Although pneumonias may be visualised with ultrasound, chest X-ray is superior. Ultrasound is the imaging system of choice for simple rib fractures, costochrondritis and xiphodynia but mediastinal pathology is not well seen. Although oesophageal lesions can be visualised with endosonology, it is not much used.

Ultrasound is the imaging system of choice for the male breast, and for the premenopausal female breast. Use in postmenopausal women generally depends on fat content; it is better to examine fatty breasts with mammography. Although the final diagnosis may depend on histology, many lesions, including simple cysts, can be diagnosed with imaging alone.

Abdomen

For lesions outside the bowel, ultrasound is the imaging system of choice, providing superb images of the liver, biliary tree, kidneys, the aorta and its main branches, para-aortic nodes, superior vena cava, and spleen. The adrenals are typically difficult to image, ureteric stones may be seen but CT is superior. The pancreas may be difficult because of bowel gas but its endoscopic imaging is superior to MRI and CT.

A fluid filled stomach provides contrast and may be used in functional studies. In general, however, endoscopy is preferred. Intestinal obstruction can be seen easily but the cause of the obstruction is rarely apparent. The terminal ileum and the appendix can normally be seen clearly. Mesenteric nodes may be seen but not consistently. Diverticulitis can often be seen but cannot be distinguished from carcinoma, a problem common to all imaging systems. For abdominal wall hernias, penile and scrotal lesions, ultrasound is the system of choice.

Pelvis

In obstetrics and the female pelvis, ultrasound is again the imaging system of choice. While MRI is the preferred modality for the prostate, in the presence of hip replacements, ultrasound is useful as MRI imaging is made difficult to use in this case. 

Ultrasound forms part of bladder assessment and for demonstrating ureteric reflux. Although ultrasound provides excellent imaging of rectal lesions, MRI is understandably preferred. The internal iliac and its branches are difficult to image. Therefore, other methods are preferred in this case.

Back

Although MRI is the imaging system of choice for imaging the spine, ultrasound may also be useful here. It can image interspinous ligament injuries and other injuries which are rarely visible on MRI scans, such as muscle tears typically involved in whiplash injuries. It is also of some assistance when dealing with costovertebral joint injections.

In infants, depending on the degree of spinal calcification, cord lesions may be seen.

Limbs

Other than for bone lesions, ultrasound is arguably the system of choice for limbs. Visualisation of muscles, nerves and ligaments is probably superior to MRI and skin and subcutaneous lesions are easily seen. Panoramic views can be used to examine the arteries and veins along their entire length with Doppler providing functional information. Caution should be exercised with ischemic legs as the causative stenosis may lie within the pelvis rather than within the leg.

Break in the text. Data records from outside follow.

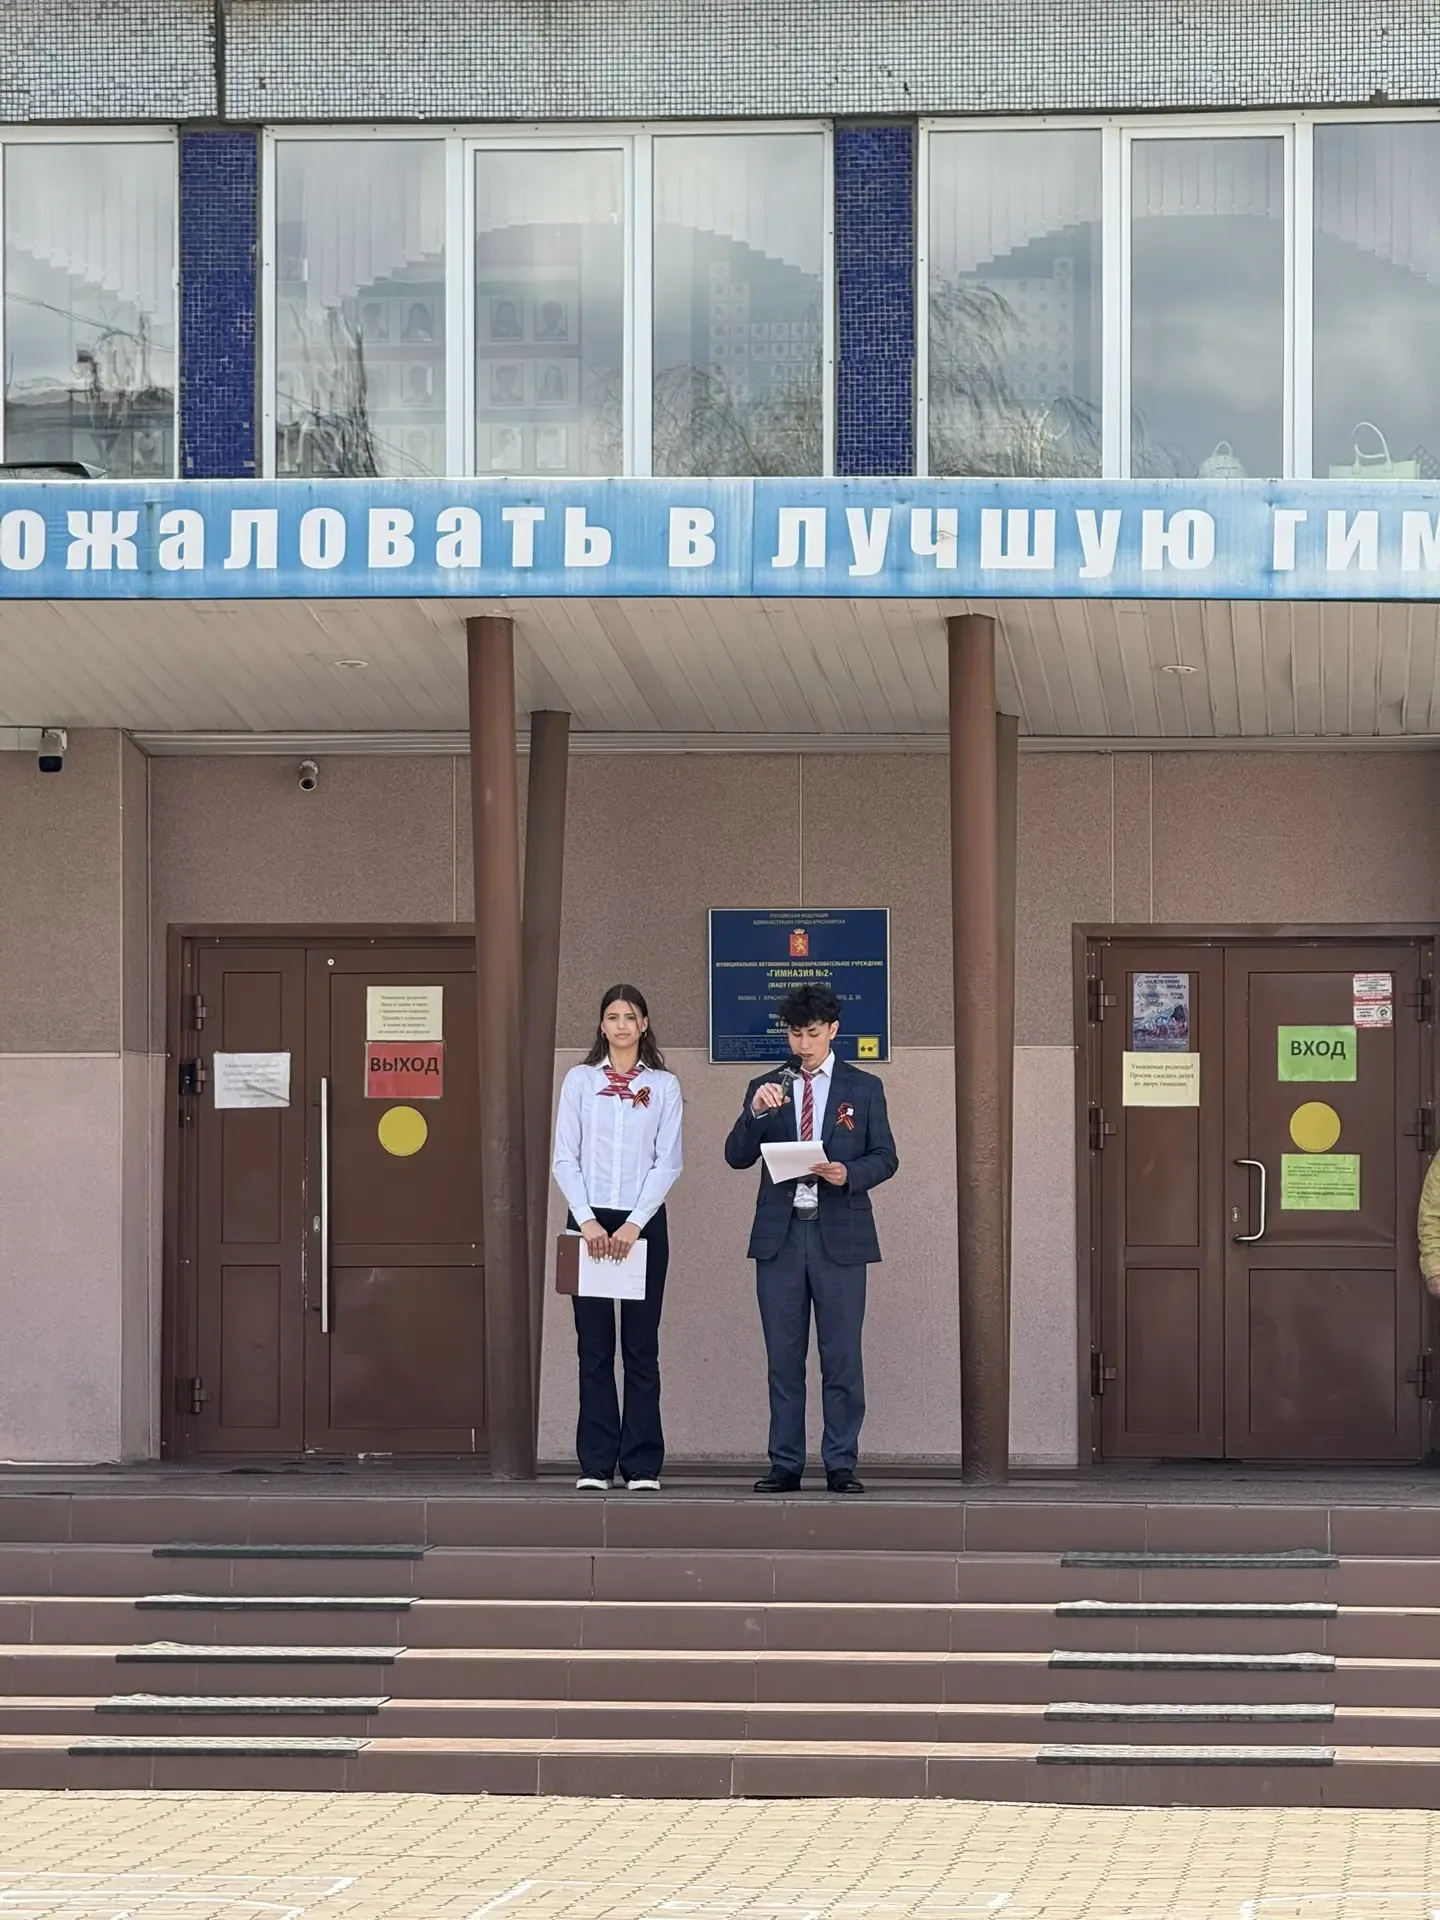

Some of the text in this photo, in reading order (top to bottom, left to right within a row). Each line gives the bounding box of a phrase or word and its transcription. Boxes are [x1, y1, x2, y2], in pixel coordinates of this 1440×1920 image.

[0, 506, 612, 570] ожаловать
[668, 506, 717, 567] в
[771, 507, 1216, 577] лучшую
[766, 969, 814, 977] «ГИМНАЗИЯ
[1290, 1040, 1347, 1060] ВХОД
[370, 1057, 440, 1075] ВЫХОД

Although the large and small joints may be examined with ultrasound, there are some specific problems. In the shoulder, while ultrasound will identify most lesions, the inferior acromial surface which may be responsible for supraspinatus tears is not well seen. Like MRI and CT, ultrasound cannot demonstrate intra-articular adhesions; arthroscopy is necessary to make this diagnosis. In the knee, the cruciate ligaments and menisci cannot been seen adequately. In the wrist the meniscus homologue may be difficult to visualise.

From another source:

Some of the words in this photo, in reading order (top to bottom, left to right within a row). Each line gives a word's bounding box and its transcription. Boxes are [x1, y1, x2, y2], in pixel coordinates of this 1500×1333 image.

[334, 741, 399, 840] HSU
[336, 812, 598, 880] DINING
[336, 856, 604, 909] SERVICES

Some bone lesions, including stress fractures, are easily seen but plain film is generally superior. Scaphoid fractures are probably seen just as well with ultrasound as with plain film but MRI, CT and nuclear medicine all have better yields.

Certification

The ICGP has recently formed a group for those who are interested in learning more about ultrasound. Certification in various aspects of ultrasound is also available. Certification is not required to use ultrasound machines but the training provided by these courses is excellent and covers many aspects of its use that may be difficult initially. 

Part-time and full-time masters courses are offered by Trinity College and University College Dublin. These courses typically cover only one area out of the following: echocardiology, obstetric and gynaecology or general ultrasound.

Various national or international organisations, including the British Society of Echocardiology, the European Society of Echocardiology, the American Society of Echocardiology and the European League against Rheumatism offer training and certification in the various uses of ultrasound. These courses have three parts: practical hands-on training, submission of a log book with between 200-300 cases illustrating various pathologies, and an exam. The exam includes unusual but important conditions that should be recognised. 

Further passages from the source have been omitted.